Catanzara scored another victory — a win that had eluded his predecessor — by negotiating big retroactive paychecks for the city’s cops. He had help in contract talks from former schools chief Paul Vallas, an unpaid consultant to the union who was preparing to run for mayor.

But Bartlett, 48, complained that the 2.5% annual raises in that agreement lagged far behind inflation.

“The pay raises were only a half percent more than the city was originally offering,” Bartlett told the Chicago Sun-Times. “I think we would have done far better in arbitration.”

Fraternal Order of Police President John Catanzara addresses union protesters and supporters outside City Hall in October 2021 at a rally against the COVID-19 vaccine mandate for city employees, including police officers. (Ashlee Rezin/Sun-Times)
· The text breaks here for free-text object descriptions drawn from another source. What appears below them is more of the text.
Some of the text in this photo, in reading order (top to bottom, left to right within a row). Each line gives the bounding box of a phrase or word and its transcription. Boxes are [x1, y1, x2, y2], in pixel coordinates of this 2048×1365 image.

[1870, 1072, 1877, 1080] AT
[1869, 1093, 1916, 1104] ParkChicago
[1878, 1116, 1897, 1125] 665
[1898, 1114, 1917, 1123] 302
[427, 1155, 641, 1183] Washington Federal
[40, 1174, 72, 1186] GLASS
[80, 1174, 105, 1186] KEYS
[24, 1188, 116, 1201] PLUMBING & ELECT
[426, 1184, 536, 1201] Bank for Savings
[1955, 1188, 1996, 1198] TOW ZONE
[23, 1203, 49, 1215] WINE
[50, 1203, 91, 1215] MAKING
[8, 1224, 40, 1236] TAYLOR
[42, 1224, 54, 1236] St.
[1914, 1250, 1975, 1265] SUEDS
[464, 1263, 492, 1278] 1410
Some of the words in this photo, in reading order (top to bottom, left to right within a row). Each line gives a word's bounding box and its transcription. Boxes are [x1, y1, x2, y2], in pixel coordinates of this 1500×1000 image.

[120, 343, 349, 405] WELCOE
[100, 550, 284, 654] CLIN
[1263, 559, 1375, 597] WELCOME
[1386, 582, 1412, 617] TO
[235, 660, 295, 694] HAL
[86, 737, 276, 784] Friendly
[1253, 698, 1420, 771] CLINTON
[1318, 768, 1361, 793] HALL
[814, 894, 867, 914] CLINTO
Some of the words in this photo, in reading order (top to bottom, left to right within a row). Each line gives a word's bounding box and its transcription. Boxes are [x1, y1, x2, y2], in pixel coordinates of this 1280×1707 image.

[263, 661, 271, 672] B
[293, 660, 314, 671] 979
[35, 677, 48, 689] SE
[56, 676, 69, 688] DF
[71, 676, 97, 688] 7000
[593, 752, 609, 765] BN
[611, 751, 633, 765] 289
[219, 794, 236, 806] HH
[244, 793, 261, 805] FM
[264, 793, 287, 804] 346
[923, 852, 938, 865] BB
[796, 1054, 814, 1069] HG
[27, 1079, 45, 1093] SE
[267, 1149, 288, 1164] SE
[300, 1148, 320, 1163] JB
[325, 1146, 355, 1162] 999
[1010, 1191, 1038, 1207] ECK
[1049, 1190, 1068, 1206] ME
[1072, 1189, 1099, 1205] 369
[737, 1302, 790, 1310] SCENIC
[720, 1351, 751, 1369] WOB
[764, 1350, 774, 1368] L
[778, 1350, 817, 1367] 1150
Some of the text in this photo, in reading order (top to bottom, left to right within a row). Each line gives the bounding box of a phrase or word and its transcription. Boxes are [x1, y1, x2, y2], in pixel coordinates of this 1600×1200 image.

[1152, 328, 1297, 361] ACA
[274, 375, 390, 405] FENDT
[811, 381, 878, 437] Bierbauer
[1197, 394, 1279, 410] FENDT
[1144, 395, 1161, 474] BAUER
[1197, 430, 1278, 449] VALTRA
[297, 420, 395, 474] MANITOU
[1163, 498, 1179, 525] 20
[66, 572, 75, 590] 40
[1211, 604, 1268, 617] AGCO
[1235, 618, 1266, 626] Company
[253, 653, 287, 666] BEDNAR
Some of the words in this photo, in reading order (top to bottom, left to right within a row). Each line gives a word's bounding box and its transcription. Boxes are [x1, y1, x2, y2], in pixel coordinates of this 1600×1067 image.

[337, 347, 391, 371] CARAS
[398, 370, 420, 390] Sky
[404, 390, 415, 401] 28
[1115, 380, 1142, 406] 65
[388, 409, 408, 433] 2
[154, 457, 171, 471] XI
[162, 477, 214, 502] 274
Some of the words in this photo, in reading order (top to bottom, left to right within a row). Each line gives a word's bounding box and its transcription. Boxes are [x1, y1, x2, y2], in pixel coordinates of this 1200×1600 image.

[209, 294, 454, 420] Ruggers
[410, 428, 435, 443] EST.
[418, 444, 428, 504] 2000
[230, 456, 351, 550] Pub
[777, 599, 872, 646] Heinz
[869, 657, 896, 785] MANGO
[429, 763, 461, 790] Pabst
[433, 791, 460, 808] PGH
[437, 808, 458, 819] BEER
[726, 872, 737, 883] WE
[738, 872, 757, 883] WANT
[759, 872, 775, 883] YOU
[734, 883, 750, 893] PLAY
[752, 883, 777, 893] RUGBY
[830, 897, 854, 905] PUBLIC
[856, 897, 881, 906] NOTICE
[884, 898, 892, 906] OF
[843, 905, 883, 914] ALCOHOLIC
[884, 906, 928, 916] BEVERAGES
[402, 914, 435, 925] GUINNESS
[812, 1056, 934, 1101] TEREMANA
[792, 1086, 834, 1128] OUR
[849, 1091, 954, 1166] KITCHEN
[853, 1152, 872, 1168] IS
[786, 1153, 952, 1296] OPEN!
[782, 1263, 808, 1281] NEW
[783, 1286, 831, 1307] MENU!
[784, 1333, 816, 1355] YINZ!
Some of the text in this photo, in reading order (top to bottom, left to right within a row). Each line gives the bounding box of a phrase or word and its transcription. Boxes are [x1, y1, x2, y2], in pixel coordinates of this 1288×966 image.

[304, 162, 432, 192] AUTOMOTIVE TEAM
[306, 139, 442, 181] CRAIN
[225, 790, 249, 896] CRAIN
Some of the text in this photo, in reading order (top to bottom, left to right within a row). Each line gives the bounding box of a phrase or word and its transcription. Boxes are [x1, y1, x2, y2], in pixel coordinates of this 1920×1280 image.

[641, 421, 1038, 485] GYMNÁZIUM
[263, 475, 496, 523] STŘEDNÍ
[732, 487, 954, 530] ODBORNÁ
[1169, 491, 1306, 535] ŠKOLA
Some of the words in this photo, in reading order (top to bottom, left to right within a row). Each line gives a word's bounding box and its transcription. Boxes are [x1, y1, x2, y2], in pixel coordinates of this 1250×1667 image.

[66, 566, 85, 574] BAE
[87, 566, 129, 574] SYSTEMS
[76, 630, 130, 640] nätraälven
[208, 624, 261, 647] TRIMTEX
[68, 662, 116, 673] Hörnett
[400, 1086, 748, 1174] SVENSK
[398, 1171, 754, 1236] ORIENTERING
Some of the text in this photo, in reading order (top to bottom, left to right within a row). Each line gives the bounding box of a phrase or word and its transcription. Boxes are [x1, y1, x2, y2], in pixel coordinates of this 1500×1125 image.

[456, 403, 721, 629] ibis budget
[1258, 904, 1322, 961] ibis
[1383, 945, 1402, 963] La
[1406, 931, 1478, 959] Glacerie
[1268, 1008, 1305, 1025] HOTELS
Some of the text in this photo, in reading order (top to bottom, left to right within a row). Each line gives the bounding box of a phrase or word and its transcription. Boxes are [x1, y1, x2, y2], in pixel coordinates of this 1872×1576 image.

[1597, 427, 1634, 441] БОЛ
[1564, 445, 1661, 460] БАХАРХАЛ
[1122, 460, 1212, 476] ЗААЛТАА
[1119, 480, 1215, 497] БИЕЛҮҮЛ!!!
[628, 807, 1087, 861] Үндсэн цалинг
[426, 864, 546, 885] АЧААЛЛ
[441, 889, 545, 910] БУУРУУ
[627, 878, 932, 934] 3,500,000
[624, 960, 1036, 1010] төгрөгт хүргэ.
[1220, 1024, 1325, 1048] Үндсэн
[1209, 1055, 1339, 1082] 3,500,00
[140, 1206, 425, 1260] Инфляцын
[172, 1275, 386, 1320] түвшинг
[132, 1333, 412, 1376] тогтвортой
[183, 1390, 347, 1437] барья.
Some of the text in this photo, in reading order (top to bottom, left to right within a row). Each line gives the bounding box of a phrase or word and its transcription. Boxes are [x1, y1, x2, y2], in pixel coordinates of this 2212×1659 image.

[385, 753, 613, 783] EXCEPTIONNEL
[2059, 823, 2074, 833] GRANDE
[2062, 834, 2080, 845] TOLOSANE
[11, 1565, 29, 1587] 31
Catanzara also talked up his team’s conversion of a floor of the lodge into a “wellness center” for cops and their families to get professional counseling. At least 22 active CPD members have died by suicide since 2018.

During a second term, Catanzara said he would try to set up a long-envisioned Lodge 7 health-insurance plan and build a union “campus” that includes a health-care facility.

Bartlett was not impressed.

“Is this going to be a Taj Mahal? His great castle?” Bartlett asked the Sun-Times. “We’re going to be spending exorbitant amounts of money, and he’s going to be raising our dues again.”

A dues hike already forged by Catanzara enabled the union to boost its contributions to electoral candidates, including City Council hopefuls. The lodge endorsed 26 aldermanic candidates and spent more than $300,000 for them leading up to this past Tuesday’s first round, but the impact appeared limited. 

Lodge 7 arguably had a greater effect on the mayor’s race, backing Vallas, who won a spot in the runoff.

Bartlett also criticized Catanzara’s spending, especially the $77,000 the union says it paid to buy a food trailer to serve cops on the job.

Catanzara last month said the trailer was not purchased using member dues but with $72,000 in federal funds intended to help the union avoid pandemic-related layoffs.

If Vallas wins the mayoral runoff, Catanzara said, “we certainly expect to have a lot more free time to get the trailer out and promote some more fraternalism.”